• [TO DO]
Each entry is to be given again exactly; drop the images.

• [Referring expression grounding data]
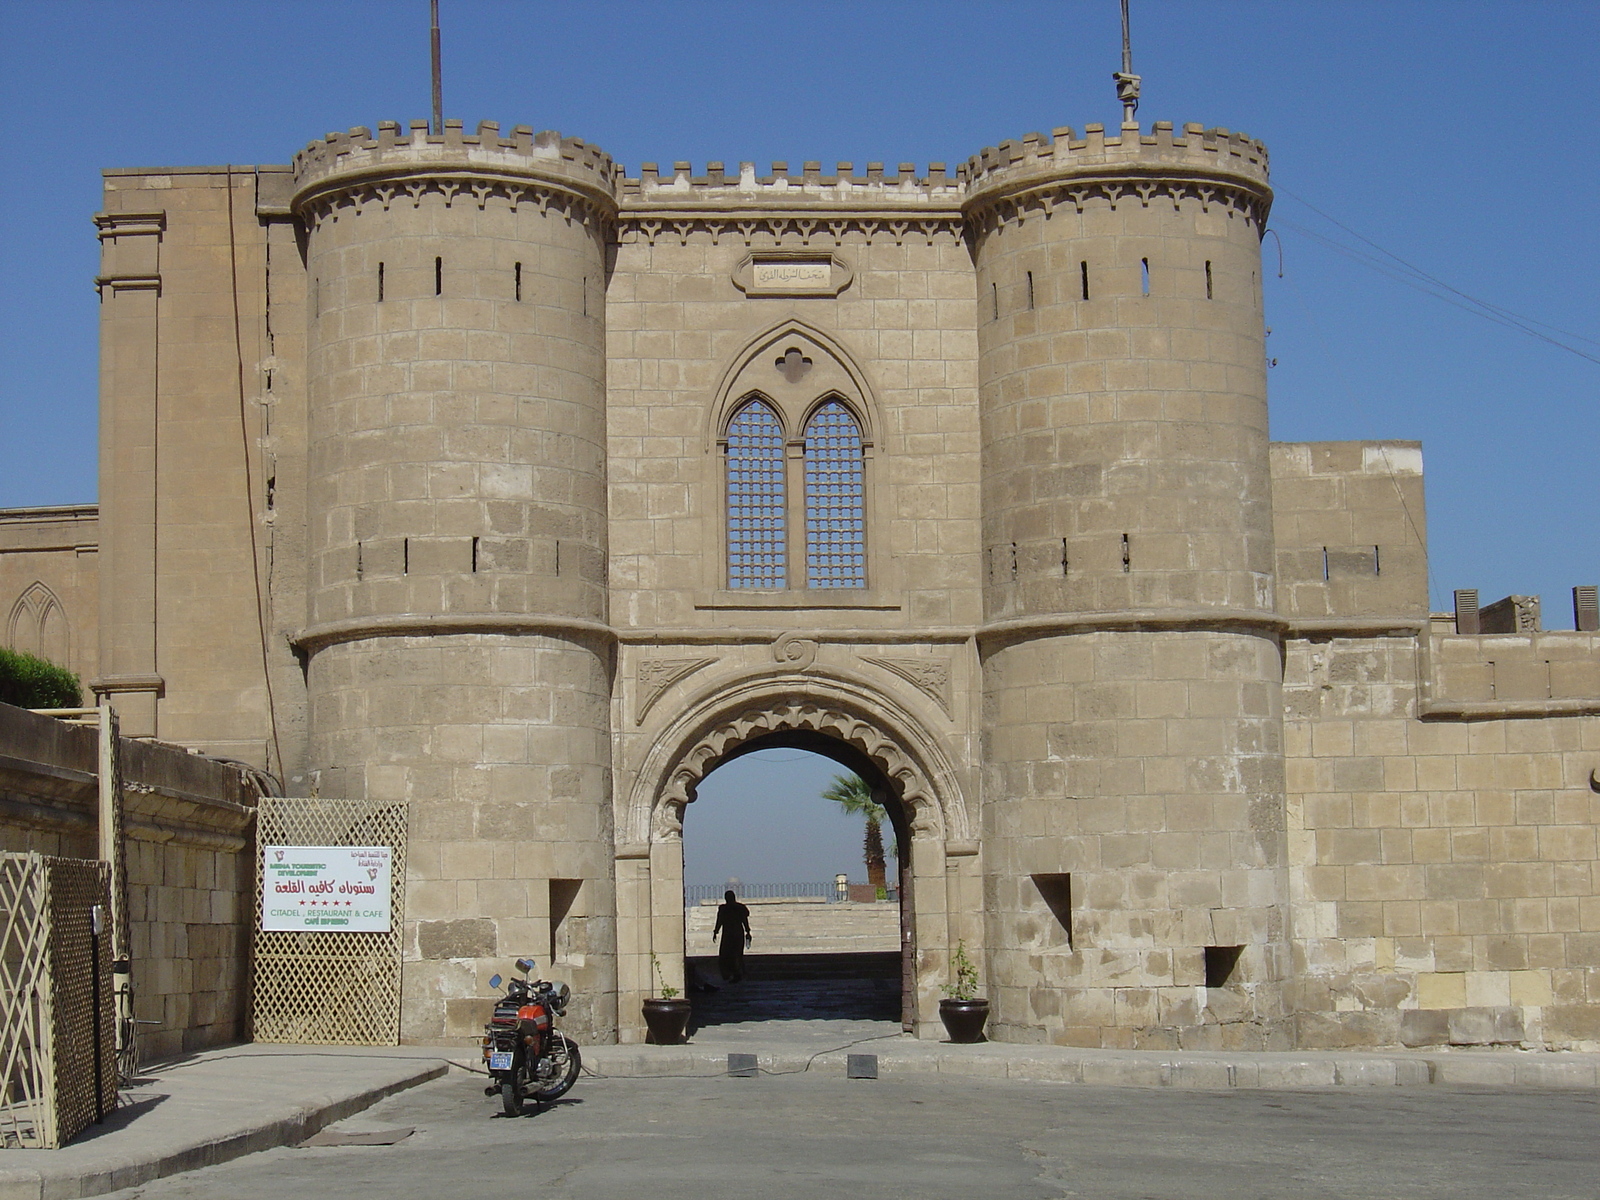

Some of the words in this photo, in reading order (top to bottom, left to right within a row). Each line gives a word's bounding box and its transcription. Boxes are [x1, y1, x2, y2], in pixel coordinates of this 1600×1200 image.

[800, 270, 825, 282] متحف
[275, 879, 306, 894] القلعة
[308, 879, 336, 897] كافيه
[270, 909, 301, 917] CITADEL
[307, 909, 353, 917] RESTAURANT
[362, 910, 383, 918] CAFE

• [EXERCISE ANSWER]
Some of the words in this photo, in reading order (top to bottom, left to right within a row). Each line gives a word's bounding box and its transcription. Boxes are [x1, y1, x2, y2], in pixel coordinates of this 1600×1200 image.

[800, 270, 825, 282] متحف
[275, 879, 306, 894] القلعة
[308, 879, 336, 897] كافيه
[270, 909, 301, 917] CITADEL
[307, 909, 353, 917] RESTAURANT
[362, 910, 383, 918] CAFE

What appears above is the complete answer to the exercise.